On Homosexuality

In the 1970s Michel Foucault wrote these lines that have influenced the discussion of same-sex love and culture ever since, with many accepting today the notion that same-sex lovers and gender-variant people did not begin to self-identify as a sub-group of the wider culture until the late 19th century:

Homosexuality appeared as one of the forms of sexuality when it was transposed from the practice of sodomy into a kind of interior androgyny, a hermaphroditism of the soul. The sodomite had been a temporary aberration; the homosexual was now a species.”

Foucault’s statement has been accepted by many, but since the 70s some historians have searched for evidence of self-aware gay subcultures further back in time, and I believe we now have enough unearthed material to make the case that that men who desired other men were indeed recognised, and given names – such as cinaedi, ganymedes, mollis, pathics... and of course sodomites… throughout european history – and that they recognised themselves as something of a species apart, as different from the mass of humanity. This recognition went largely underground from the 4th century CE until the 19th, but those who carried knowledge of the history through those dark centuries left signs along the way.

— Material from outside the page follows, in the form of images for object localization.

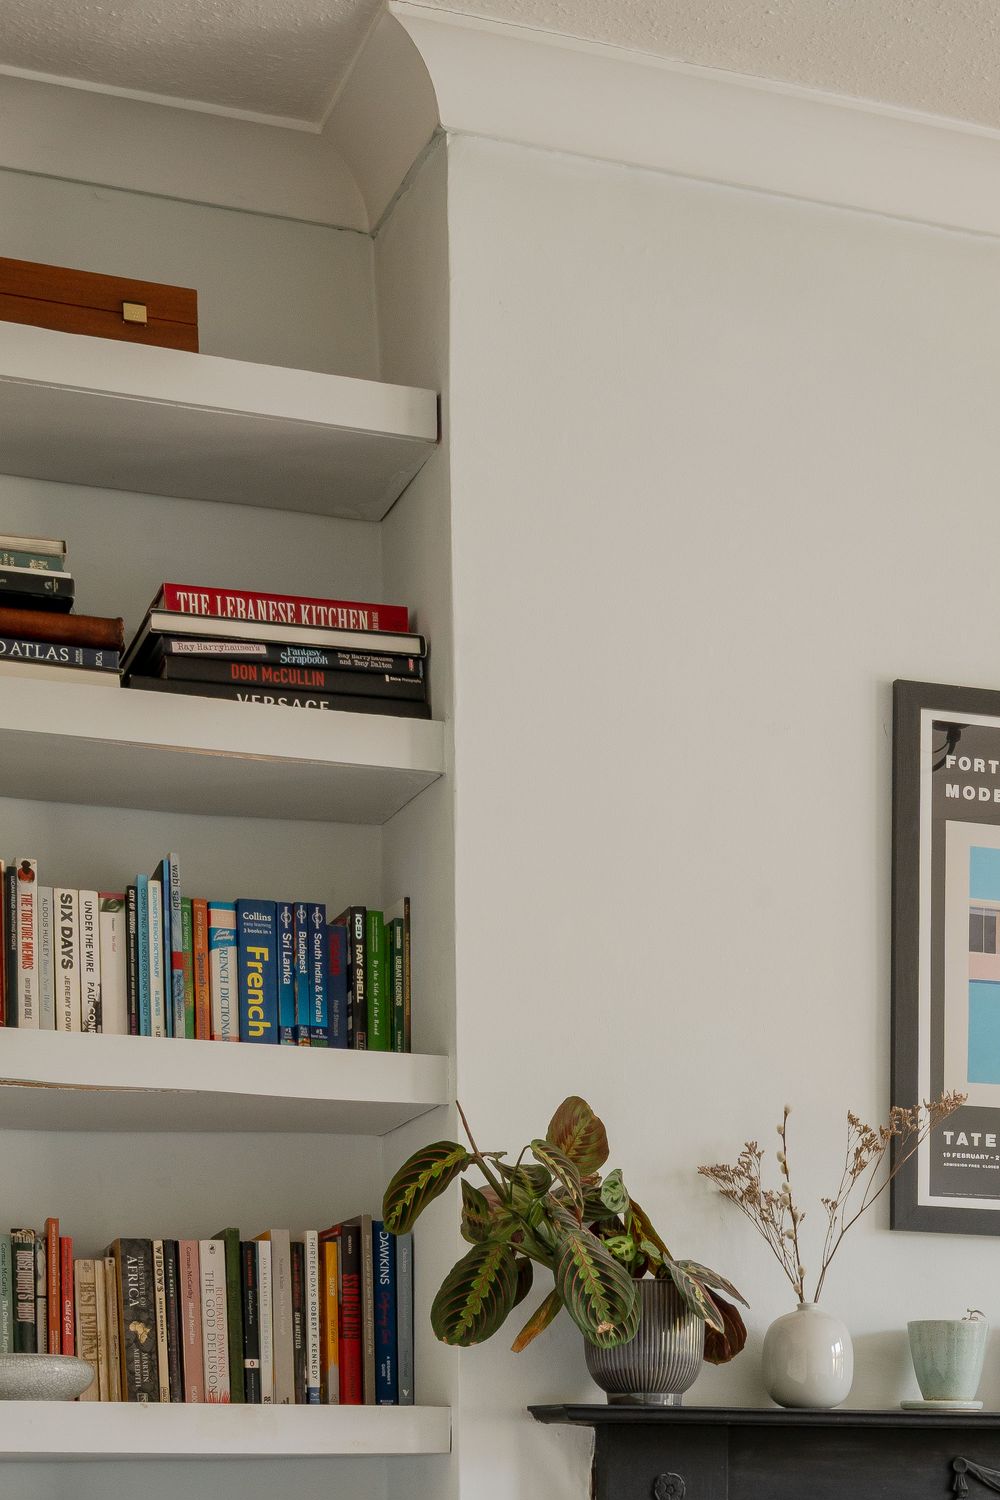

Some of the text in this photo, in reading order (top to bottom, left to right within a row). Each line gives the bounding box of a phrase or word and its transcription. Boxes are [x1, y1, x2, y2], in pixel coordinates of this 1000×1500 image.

[176, 591, 210, 615] THE
[216, 595, 296, 624] LEBANESE
[300, 604, 369, 630] KITCHEN
[9, 641, 69, 662] ATLAS
[177, 642, 195, 652] Ray
[280, 651, 329, 665] Scrapbook
[287, 646, 322, 657] Fantasy
[231, 663, 325, 688] DON McCULLIN
[353, 660, 370, 668] Tony
[370, 661, 393, 669] Dalton
[171, 864, 181, 911] wabi sabi
[129, 902, 135, 910] OF
[242, 912, 272, 922] Collins
[21, 893, 34, 970] THE TORTURE MEMOS
[60, 893, 74, 970] SIX DAYS
[84, 900, 95, 973] UNDER THE WIRE
[141, 931, 148, 940] AN
[282, 933, 291, 948] Sri
[298, 931, 307, 974] Budapest
[314, 933, 322, 960] South
[197, 952, 206, 988] Spanish
[283, 951, 292, 985] Lanka
[87, 982, 95, 1004] PAUL
[246, 946, 272, 1037] French
[315, 985, 322, 993] &
[315, 995, 323, 1022] Kerala
[943, 1131, 997, 1148] TATE
[952, 1152, 989, 1160] FEBRUARY
[155, 1246, 163, 1293] WIDOWS
[379, 1231, 389, 1285] DAWKINS
[16, 1250, 35, 1324] ROSEMARY'S BABY
[126, 1255, 140, 1307] AFRICA
[80, 1282, 95, 1308] BEST
[139, 1296, 146, 1307] OF
[188, 1319, 196, 1345] Meridian
[204, 1270, 218, 1394] THE GOD DELUSION
[215, 1287, 226, 1378] RICHARD DAWKINS
[133, 1348, 142, 1388] MEREDITH
[141, 1352, 149, 1383] MARTIN
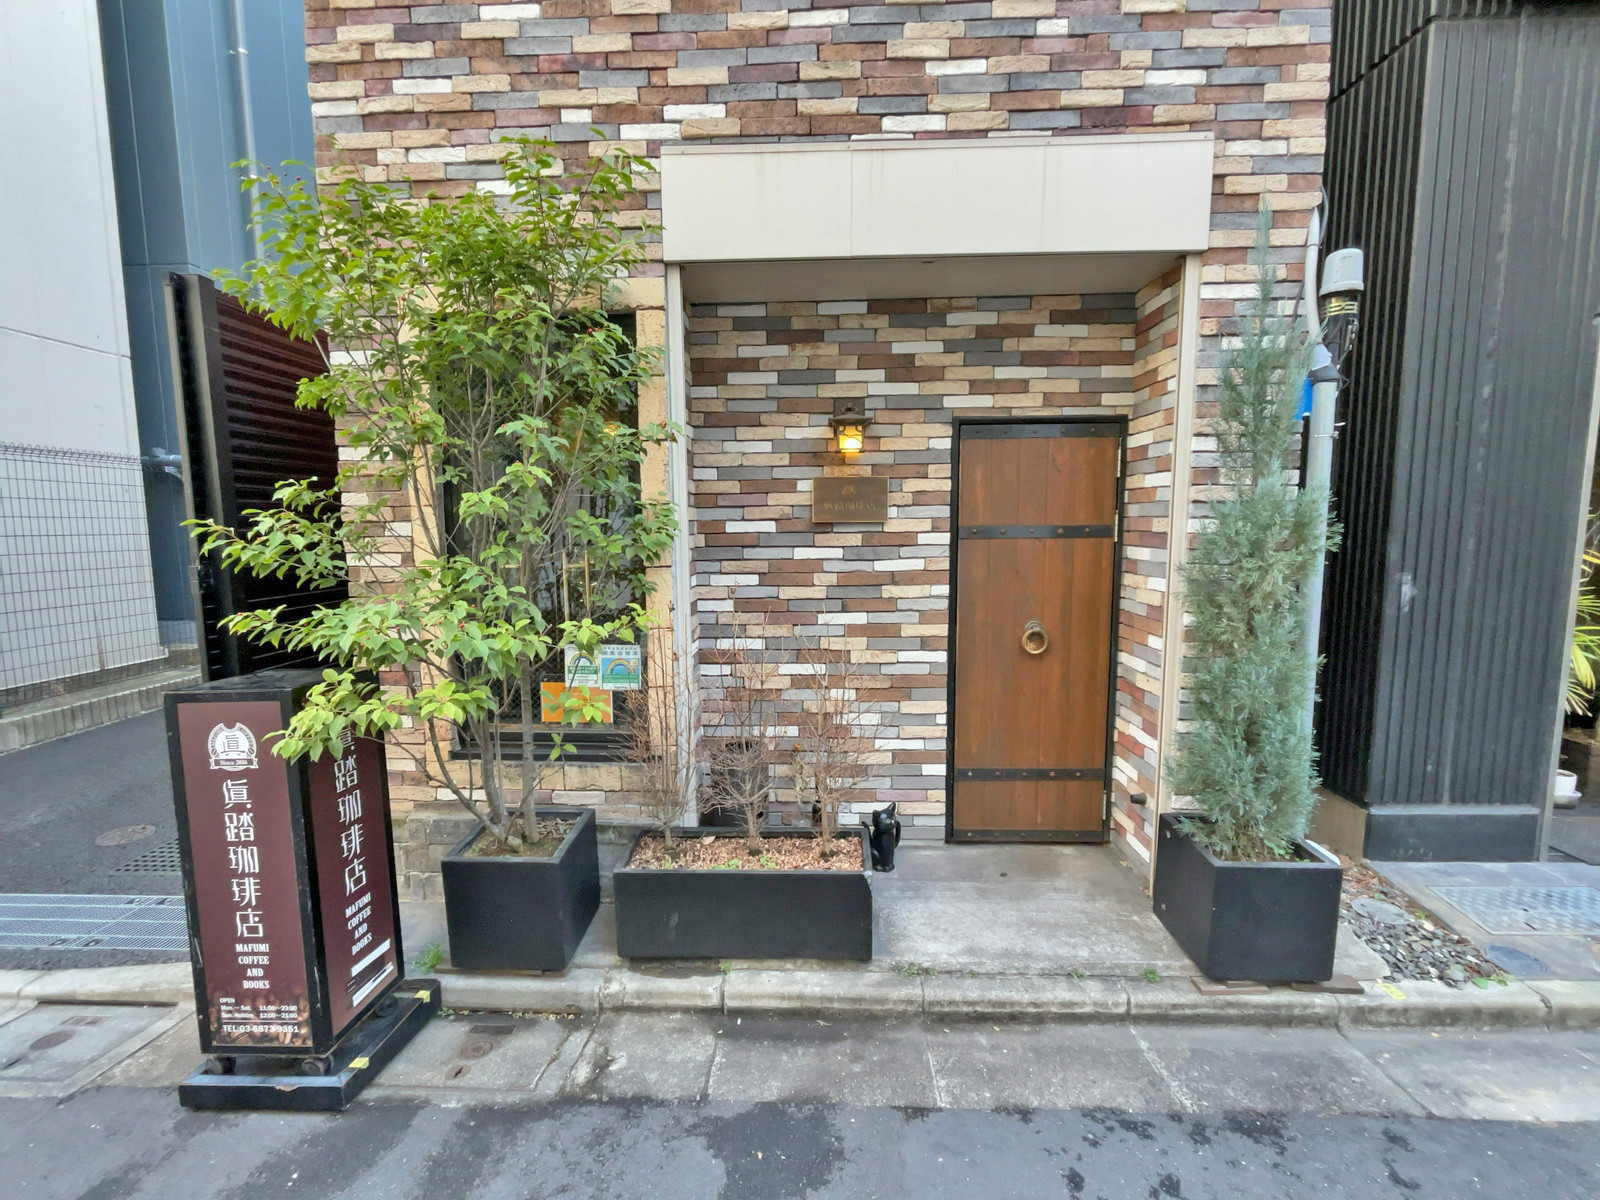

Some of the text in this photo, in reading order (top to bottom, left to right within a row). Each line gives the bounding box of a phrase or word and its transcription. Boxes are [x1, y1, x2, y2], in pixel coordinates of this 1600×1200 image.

[222, 779, 264, 938] 眞踏珈琲店
[345, 892, 372, 919] MAFUMI
[347, 905, 372, 930] COFFEE
[354, 922, 368, 940] AND
[235, 943, 270, 953] MAFUMI
[351, 932, 373, 956] BOOKS
[238, 955, 270, 965] COFFEE
[246, 968, 264, 977] AND
[242, 980, 270, 989] BOOKS

Homosexual, like sodomite are words applied to ‘queer’ people from the outside. There have been other terms preferred by same-sex lovers themselves over the centuries, and I propose that the reason that ‘homosexual’ did not appear until so late in history is that no educated gay/queer person would have defined themselves in a way that limited their nature to something simply sexual. To be gay, lesbian or gender-fluid is to be a whole person – our sexuality or gender identity is a doorway to our soul, it is a spiritual quality, it does not define who we are, though it may be a sign pointing to other aspects of our nature…

19th century intellectuals such as Edward Carpenter and John Addington Symonds were aware of the reductive nature of ‘homosexual’ and preferred the term Uranian, which was first used by Karl Heinrich Ulrichs in Germany, making reference to the Goddess Aphrodite Urania, the patron of same sex love mentioned in Plato’s Symposium. Same sex love had been one of the pillars of the golden age of Greek civilisation, where philosophy, art, physical fitness and love between men were highly regarded, and the educated men of Europe in the Middle Ages, especially after the 15th century Renaissance, were well aware of the many references to same sex love in classical literature and mythology.

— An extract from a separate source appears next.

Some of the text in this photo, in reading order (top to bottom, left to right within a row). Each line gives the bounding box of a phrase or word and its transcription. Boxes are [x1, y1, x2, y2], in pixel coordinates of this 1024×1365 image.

[The shoots of the virulent homophobia that was to infect Europe from the late Middle Ages were also present in the time of Plato’s works of the 5th century BCE. “Taking a male lover,” Plato wrote, “is regarded as shameful by barbarians and by those who live under despotic governments just as philosophy is regarded as shameful by them, because it is apparently not in the interest of such rulers to have great ideas engendered in their subjects, or powerful friendships or passionate love-all of which male-male love is particularly apt to produce.”]

Eunuchs: the modern mind has fallen for the idea that the large number of eunuchs in the ancient world were all castrated men. This is incorrect – Greek and Latin texts distinguish between ‘natural eunuchs’ and ‘man-made eunuchs’, with the former referring to men who did not want to have sex with women. Jesus refers to three kinds of eunuchs in Matthew 19 verse 12: “For there are eunuchs who have been so from birth, and there are eunuchs who have been made eunuchs by others, and there are eunuchs who have made themselves eunuchs for the sake of the kingdom of heaven. Let anyone accept this who can.” Basilides, a Gnostic Christian in Alexandria sometime between 125 and 150, claimed that Jesus was referring to three types of male celibates: those with a natural revulsion to women; those who practice asceticism out of a desire for glory from their peers; and those who remain unmarried to better do the work of the kingdom. Eunuchs were seen as a kind of third gender until the Middle Ages.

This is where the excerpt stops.